Description of the task
All entries below must be output word for word, and the pictures left behind.

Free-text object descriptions
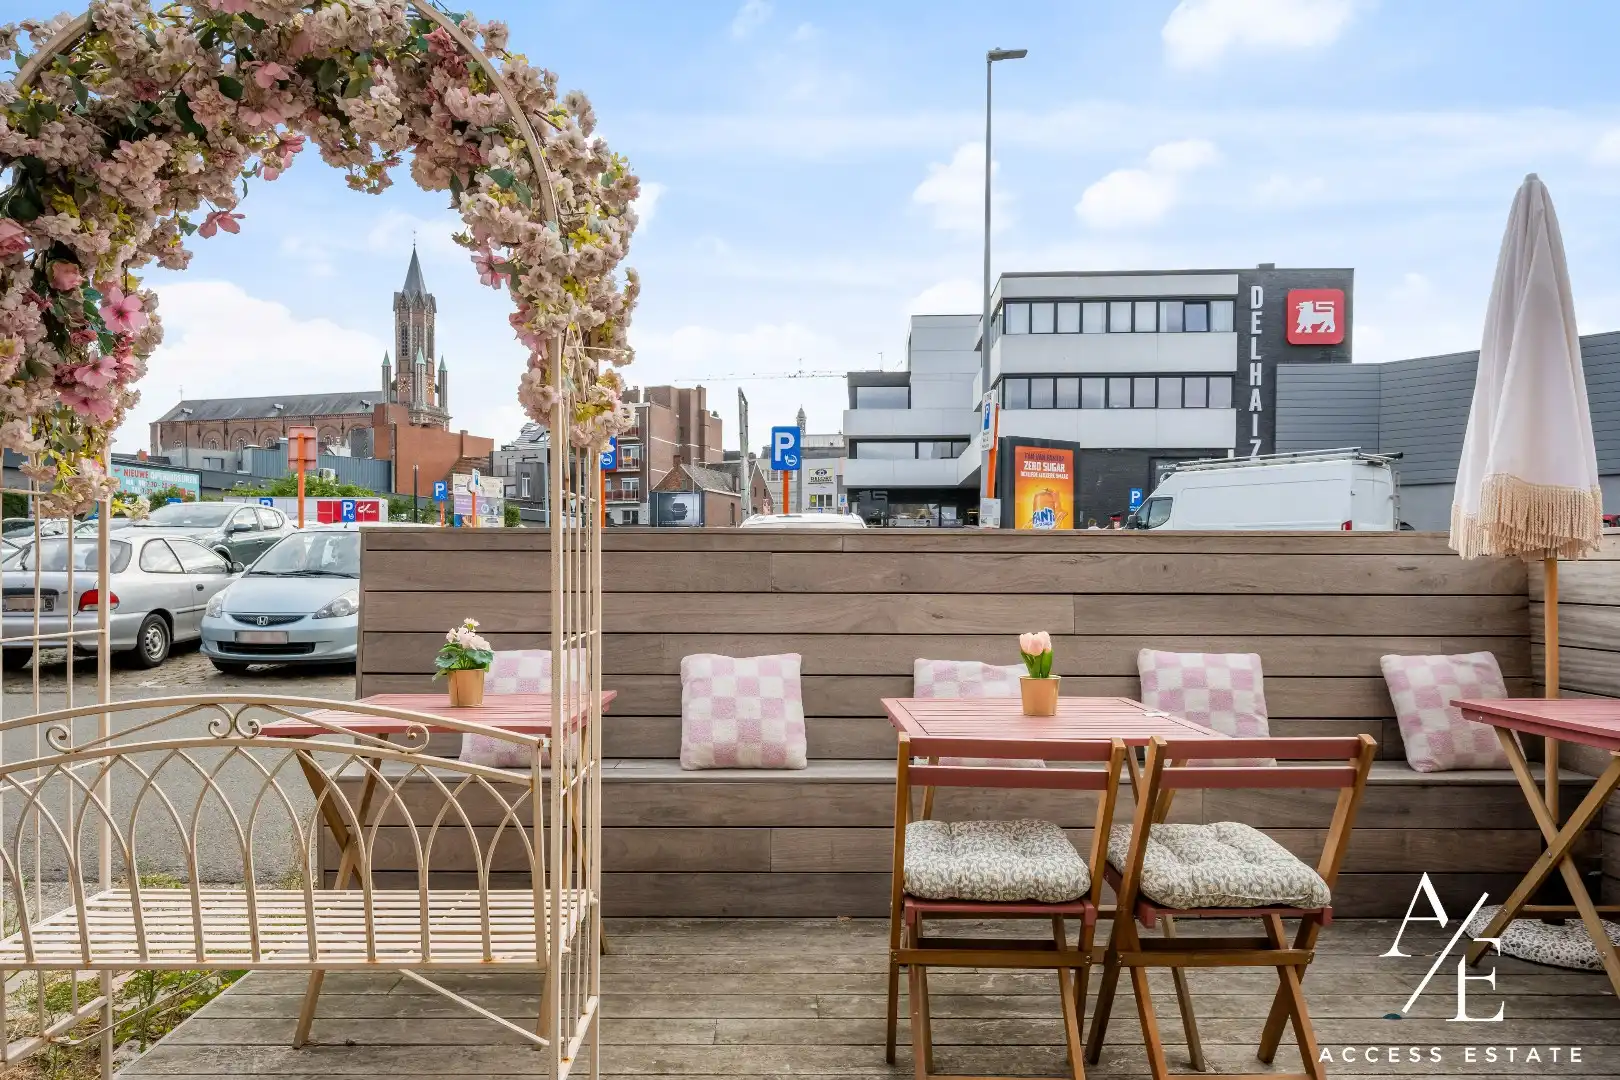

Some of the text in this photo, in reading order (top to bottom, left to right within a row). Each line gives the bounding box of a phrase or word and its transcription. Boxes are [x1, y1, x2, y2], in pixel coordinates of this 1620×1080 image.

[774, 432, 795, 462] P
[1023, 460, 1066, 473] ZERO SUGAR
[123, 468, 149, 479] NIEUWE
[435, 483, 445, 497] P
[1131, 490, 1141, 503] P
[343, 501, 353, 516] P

Output of the exercise
Some of the text in this photo, in reading order (top to bottom, left to right within a row). Each line gives the bounding box of a phrase or word and its transcription. Boxes are [x1, y1, x2, y2], in pixel coordinates of this 1620×1080 image.

[774, 432, 795, 462] P
[1023, 460, 1066, 473] ZERO SUGAR
[123, 468, 149, 479] NIEUWE
[435, 483, 445, 497] P
[1131, 490, 1141, 503] P
[343, 501, 353, 516] P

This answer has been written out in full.